Brasil respondió con sorpresa a la decisión europea

La reacción del Gobierno brasileño no tardó en llegar. La diplomacia brasileña en Bruselas manifestó su “sorpresa” ante la decisión y aseguró que trabaja para implementar las medidas necesarias que permitan revertir la situación.

Brasil defendió además la calidad de su sistema sanitario y recordó que el país mantiene relaciones comerciales con el mercado europeo desde hace décadas.

Durante los últimos meses, el Gobierno brasileño tomó algunas medidas, entre ellas restricciones sobre la importación, fabricación y comercialización de determinados aditivos utilizados en la producción animal. Sin embargo, para la Comisión Europea estas decisiones todavía deben demostrar resultados concretos y sostenidos en toda la cadena productiva.

Un duro golpe económico para Brasil

La suspensión de las importaciones supone un importante impacto económico para el sector agroexportador brasileño.

Brasil fue uno de los principales proveedores de carne bovina para la Unión Europea.

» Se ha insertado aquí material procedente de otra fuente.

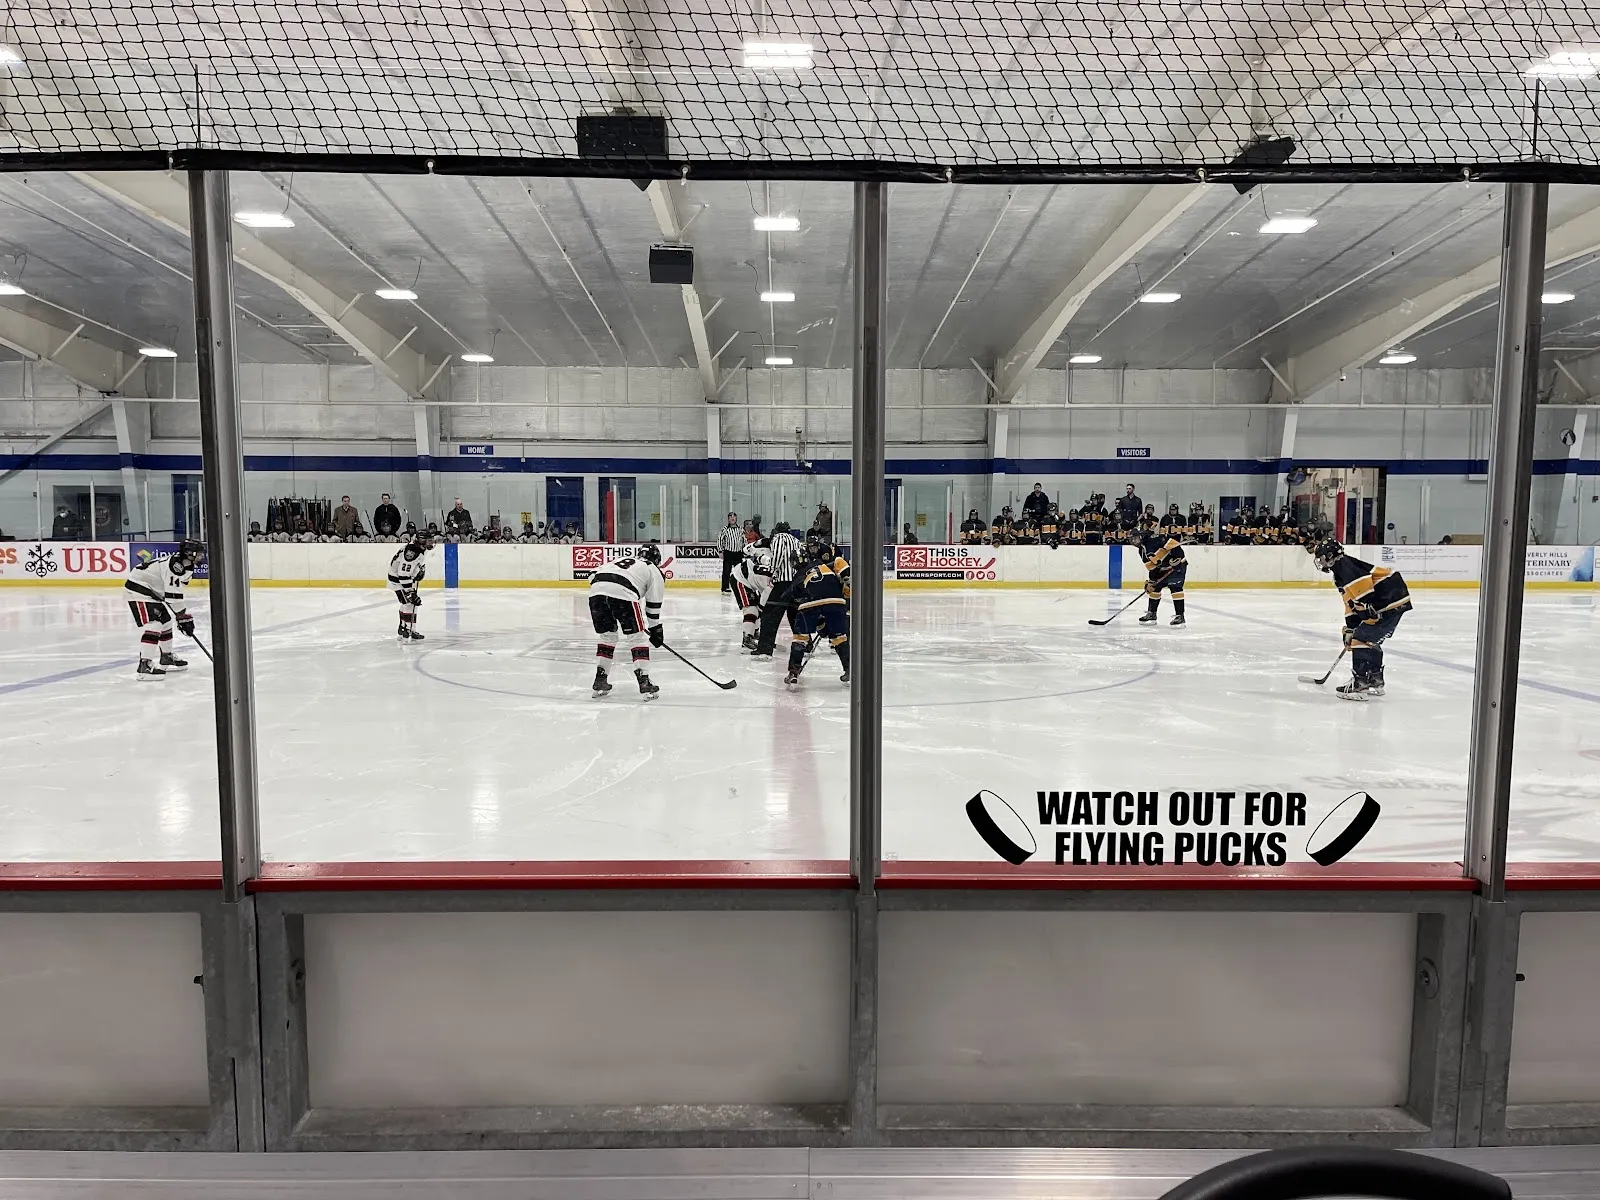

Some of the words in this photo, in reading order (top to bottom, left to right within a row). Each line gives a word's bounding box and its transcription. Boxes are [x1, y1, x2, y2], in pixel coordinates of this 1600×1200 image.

[467, 446, 486, 454] HOME
[1120, 448, 1147, 456] VISITORS
[604, 547, 632, 557] THIS
[928, 547, 955, 557] THIS
[957, 547, 968, 557] IS
[62, 547, 127, 573] UBS
[930, 557, 982, 567] HOCKEY.
[169, 576, 180, 587] 14
[1037, 791, 1159, 826] WATCH
[1168, 791, 1236, 826] OUT
[1244, 791, 1307, 827] FOR
[1055, 831, 1164, 866] FLYING
[1174, 831, 1287, 866] PUCKS
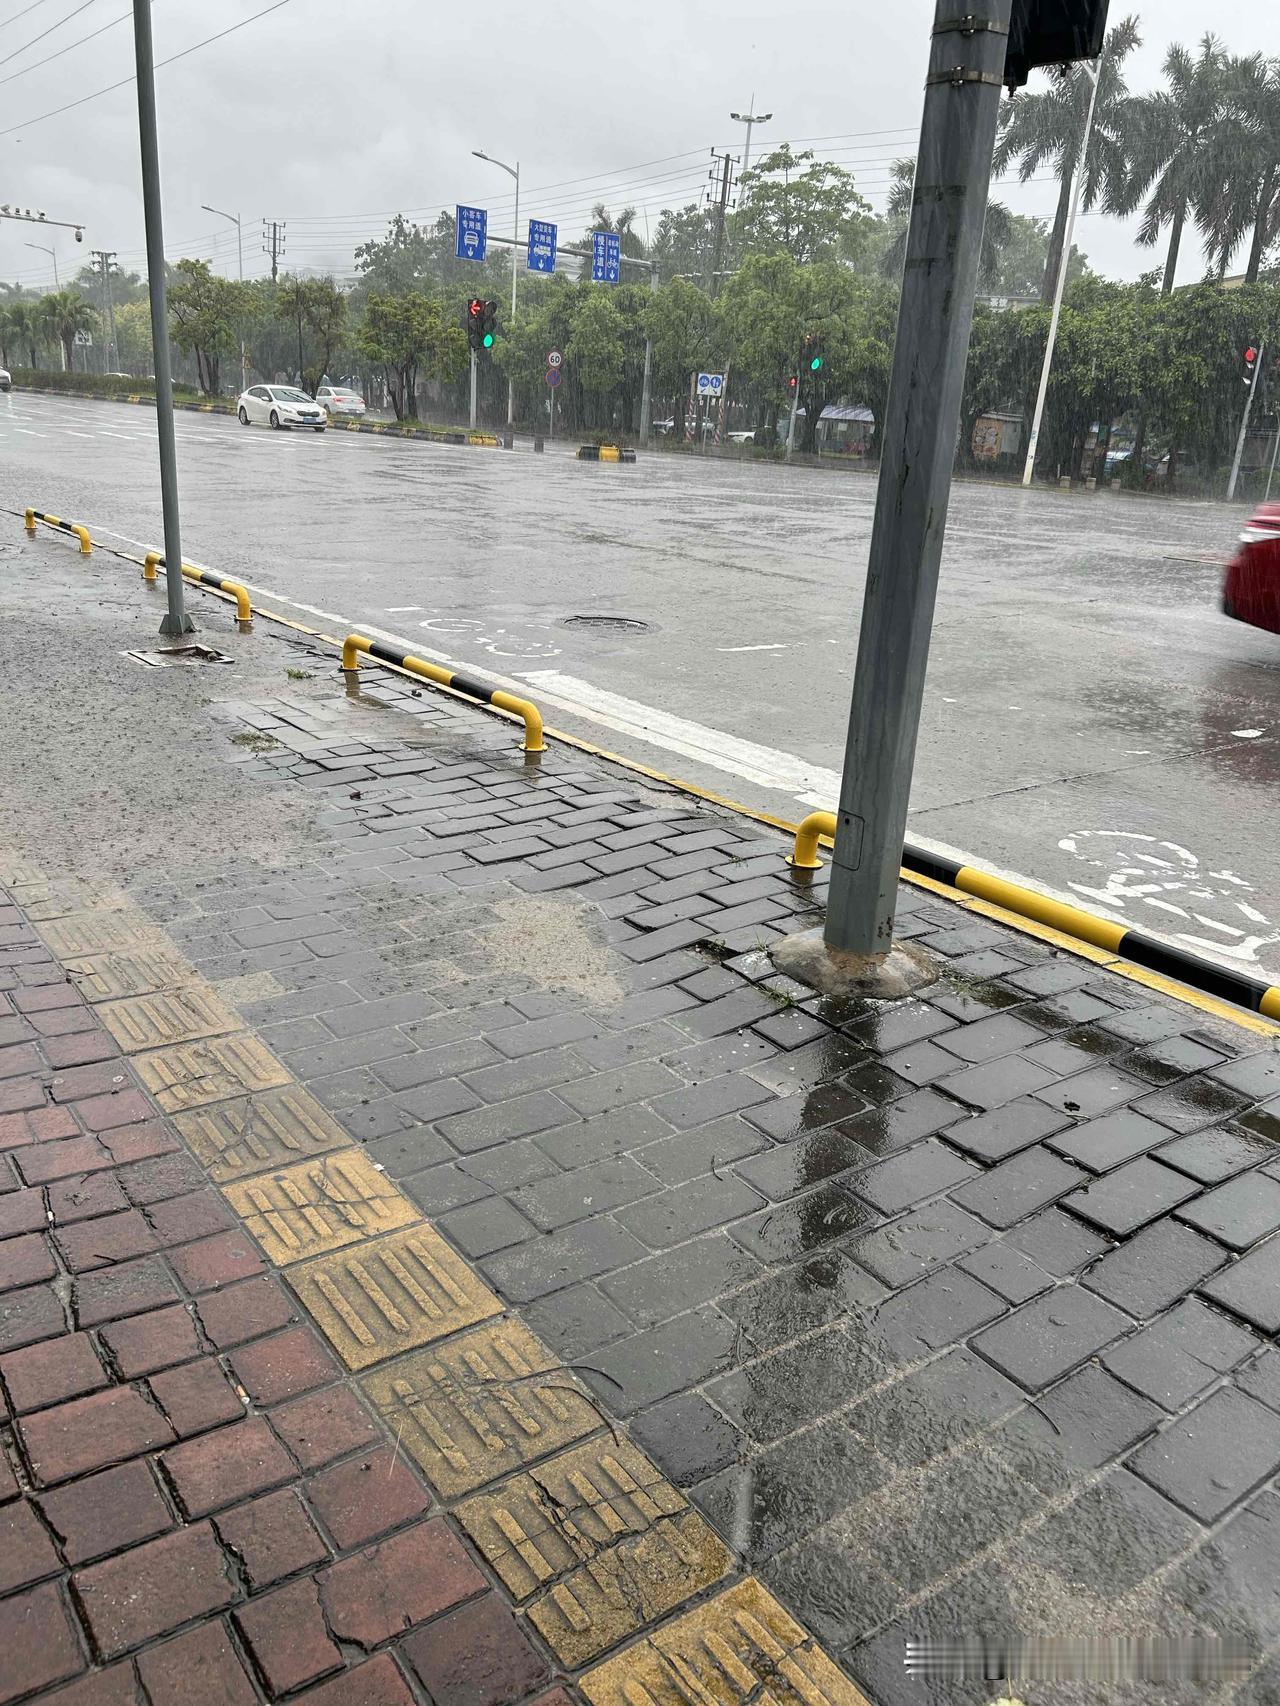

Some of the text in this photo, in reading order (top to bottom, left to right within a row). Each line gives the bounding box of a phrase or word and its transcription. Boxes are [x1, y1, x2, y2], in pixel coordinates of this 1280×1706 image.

[462, 209, 481, 220] 小客车
[462, 220, 481, 230] 专用道
[550, 355, 560, 364] 60

Solo durante 2025, el país sudamericano exportó más de 92.000 toneladas de carne de bovino al bloque europeo, por un valor superior a los 713 millones de euros.

La pérdida temporal del acceso a este mercado representa un desafío para uno de los sectores más importantes de la economía brasileña. Aunque algunos productos, como las aves y la miel, podrían recuperar más rápidamente su acceso al mercado europeo una vez concluidas las auditorías sanitarias, el panorama para la carne bovina parece más complejo.

Los ciclos de producción más extensos y la necesidad de implementar controles en toda la cadena ganadera podrían retrasar durante más tiempo la normalización de las exportaciones.

El impacto sobre el acuerdo entre la Unión Europea y el Mercosur

La decisión también genera interrogantes sobre el futuro del acuerdo comercial entre la Unión Europea y el Mercosur.

El intercambio de productos agrícolas y ganaderos es uno de los puntos centrales del entendimiento entre ambos bloques y, al mismo tiempo, uno de los temas que más resistencia genera entre productores europeos.

Agricultores y ganaderos de países como Francia y Polonia han expresado en reiteradas ocasiones su preocupación por la competencia de productos sudamericanos. Uno de los principales reclamos es que los productos importados deben cumplir con los mismos estándares ambientales, sanitarios y productivos exigidos dentro de la Unión Europea.

En este contexto, la decisión contra Brasil podría ser interpretada como una señal política de Bruselas para demostrar que las exigencias sanitarias serán aplicadas de manera estricta a todos los países que quieran acceder al mercado europeo.

Argentina, Uruguay y Paraguay mantienen el acceso al mercado europeo

A diferencia de Brasil, Argentina, Uruguay y Paraguay continúan figurando entre los países autorizados para exportar productos de origen animal a la Unión Europea.

Según la evaluación de la Comisión Europea, estos países cumplen con las condiciones sanitarias requeridas para el ingreso de sus productos al mercado comunitario. La diferencia de tratamiento dentro del Mercosur agrega un nuevo elemento de tensión al escenario regional y podría generar cambios en la dinámica comercial del bloque.

Una decisión con impacto político y comercial

La prohibición llega además en un momento clave para el futuro del acuerdo entre la Unión Europea y el Mercosur. En Bruselas existe una fuerte presión política para garantizar que la apertura comercial no implique una flexibilización de los controles sanitarios y ambientales.

La Comisión Europea busca así enviar una señal a los gobiernos y productores que mantienen una posición crítica frente al acuerdo: el acceso al mercado europeo estará condicionado al cumplimiento estricto de sus normas.

La decisión contra Brasil no solo representa un problema económico para el gigante sudamericano. También expone una de las principales tensiones que rodean al acuerdo entre ambos bloques: cómo aumentar el comercio sin reducir las exigencias sanitarias, ambientales y productivas.

Con millones de euros en exportaciones en juego, Brasil deberá ahora demostrar que puede adaptar toda su cadena productiva a las exigencias europeas para recuperar uno de sus mercados más importantes.